Meet Sandy Fontes, our sustainability intern for 2024
Sandy Fontes is focused.
She is working as an intern in the UMass Chan Office of Sustainability this summer, which integrates two of her passions. “I really want to do biomedical research, but I am also passionate about sustainability,” Fontes said.
Fontes is entering her second year at Mount Wachusett Community College, with a major in biology. After graduating she plans to go to UMass Amherst to study biochemistry and molecular biology. “I want to do something in cancer immunology, maybe even RNA therapeutics-based research following my undergrad career,” Fontes said.

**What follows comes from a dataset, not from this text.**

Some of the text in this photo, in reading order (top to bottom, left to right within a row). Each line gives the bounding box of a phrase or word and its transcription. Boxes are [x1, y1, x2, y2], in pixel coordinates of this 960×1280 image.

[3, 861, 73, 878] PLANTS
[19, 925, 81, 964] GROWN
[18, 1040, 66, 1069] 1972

She speaks about immunology with a confidence beyond her years, because this is not her first internship at UMass Chan. Last summer Fontes worked in the lab of Fiachra Humphries, PhD, assistant professor of medicine in the Division of Innate Immunity. There, Fontes said she discovered an initial passion for wet lab research that she hopes to carry with her throughout her professional career.
Fontes is a first-generation college student. She was born in Worcester, then her family moved to Dudley when she was 8 years old. Fontes graduated from Shepherd Hill Regional High School in 2023 where she took a PLTW (Project Lead The Way) biomedical science pathway, a program that advanced her early love for science, she said.
While her career goals prioritize biomedical research, Fontes said there is a natural and important connection with environmental sustainability.
“As a researcher who wants to make a change in public health care, I think people should be aware of the connections between chronic illnesses and the environmental factors that can have large influences in the severity of those conditions if overlooked,” Fontes said. “This is where we can address public health problems from the origin.”
Among her projects at UMass Chan this summer will be advancing the Green Labs initiative that is part of the campus’s five-year sustainability and climate action plan. This project, and its green lab certification process, is something Fontes hopes will be a meaningful incentive for researchers to integrate a more sustainable lifestyle into their daily routines.
“When I worked in the lab, I saw how much waste we produced. Even though it’s for groundbreaking research, sometimes it gets to your conscience a little bit,” Fontes said. “Singular acts make a difference. I think we can be more sustainable, even when we are doing research.”